The Federal Reserve's 'Too-Big-To-Fail' Paternalism

X
Story Stream
recent articles

The Federal Reserve on January 24 issued guidance for "eight domestic bank holding companies that may pose elevated risk to U.S. financial stability." The guidance, which is part of Dodd-Frank resolution planning, is intended to "clarify" expectations for these companies and guide the Federal Reserve staff charged with supervising them. But the fact that such guidance is necessary illustrates what is wrong with our financial system and its regulatory framework.
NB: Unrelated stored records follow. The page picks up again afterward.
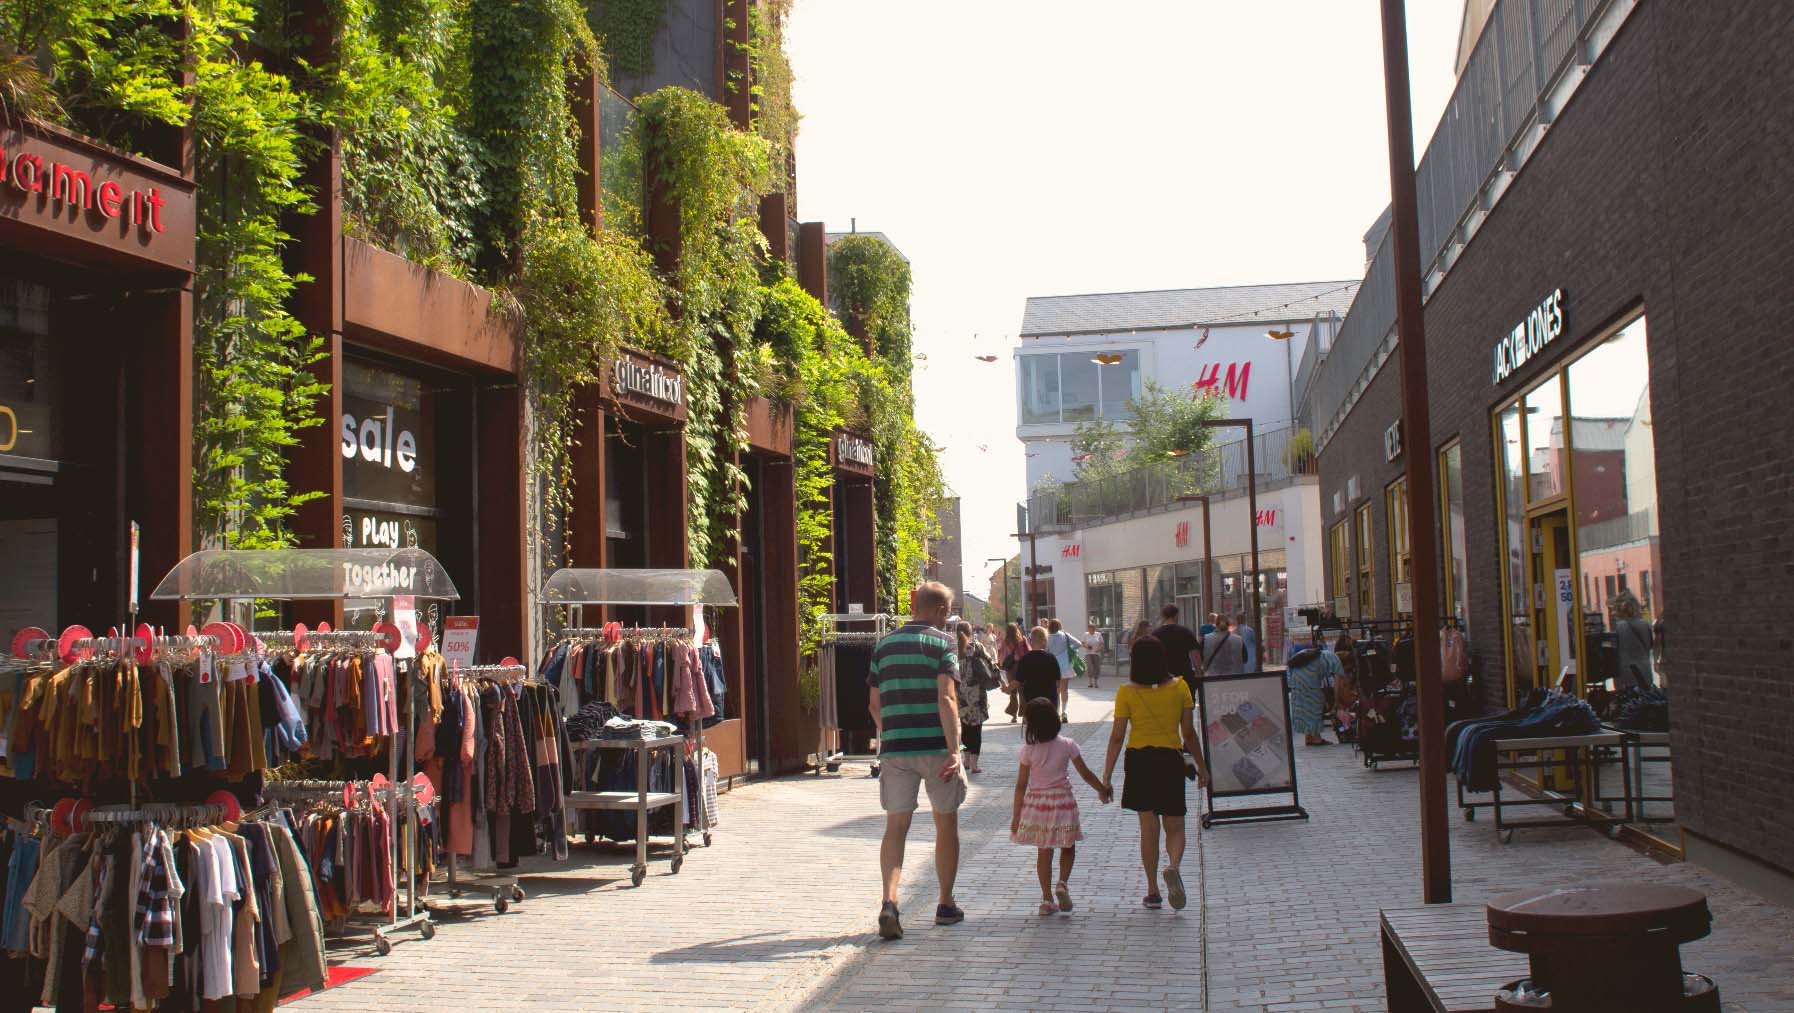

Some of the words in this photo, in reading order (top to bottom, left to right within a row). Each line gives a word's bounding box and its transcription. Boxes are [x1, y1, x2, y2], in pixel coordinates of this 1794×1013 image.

[0, 147, 122, 218] ame
[1526, 288, 1562, 359] JONES
[341, 405, 417, 473] sale
[362, 516, 399, 549] Play
[343, 562, 417, 593] Together
[447, 641, 470, 653] 50%
The guidance identifies areas in which, absent proper precautions, the covered banks-Bank of America, Bank of New York Mellon, Citigroup, Goldman Sachs, JPMorgan Chase, Morgan Stanley, State Street, and Wells Fargo-might run into trouble. The Fed's list focuses on getting firms to think about things such as collateral management, the fickleness of funding sources and service providers, the ability of their computer systems to produce reliable data, and contingency plans for unexpected disruptions. The Fed also wants these banks to know what each major business unit does, who its key employees are, who regulates it, and where it operates.
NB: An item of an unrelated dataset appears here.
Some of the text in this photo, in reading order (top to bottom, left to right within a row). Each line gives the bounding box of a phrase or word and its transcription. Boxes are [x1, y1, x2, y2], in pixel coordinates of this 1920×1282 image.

Although billed as part of "recovery and resolution preparedness," the Fed's itemized list is made up of things that the targeted banks should be doing of their own volition in order to stay in business. Most private companies do not need the government to tell them to keep tabs on their exposures to other firms, plan for potential disruptions to important funding sources or service providers, or know who key employees are. In a normally functioning market, these large financial institutions and their smaller competitors all would constantly be thinking about and testing their risks, vulnerabilities, potential exposures, and contingency plans. If they didn't, a more alert rival would eat their lunch.

But banking, as the contemporary American regulatory system has shaped it, is not a normally functioning, competitive market. Bank regulators see it as their mission to perpetuate a handful of big banks. Dodd-Frank cast its support behind that mission by drawing lines between systemically important and other financial institutions. Banks that aren't deemed systemically important are permitted to fail - as they should be - when they make poor decisions. Their failure is made more likely, however, by the fact that they are forced to compete for capital, customers and creditors with the large banks that the regulatory apparatus has deemed too big to fail. By singling out these eight behemoths for special regulatory spoon feeding, as the Fed did in this latest guidance, the Fed is reinforcing the too big to fail message. It is saying that these banks are so important that the Fed needs to tell them to do things they would be doing on their own if the government were not standing ready to clean up their messes.

Of course, the Fed and other bank regulators should be checking to see whether all of the entities they regulate are striving to understand themselves, their counterparties, their customers, their risks, and the changing landscapes in which they operate. But fundamentally, the task of running a bank of any size belongs with the bank's directors and the managers they hire to make day-to-day operational decisions. If these private decision-makers are doing a lousy job, the market will effectively convey that message to them, unless the government intervenes to dampen that message.

This latest Fed guidance is not in itself particularly remarkable as it is one of a series of such directives. But it underscores the degree to which the government views large financial institutions as incapable of running themselves. One important source of that incapacity is the regulatory structure that fosters private market reliance on government decision-making, risk spotting, monitoring, and rescuing.

Hester Peirce is a senior research fellow at the Mercatus Center at George Mason University.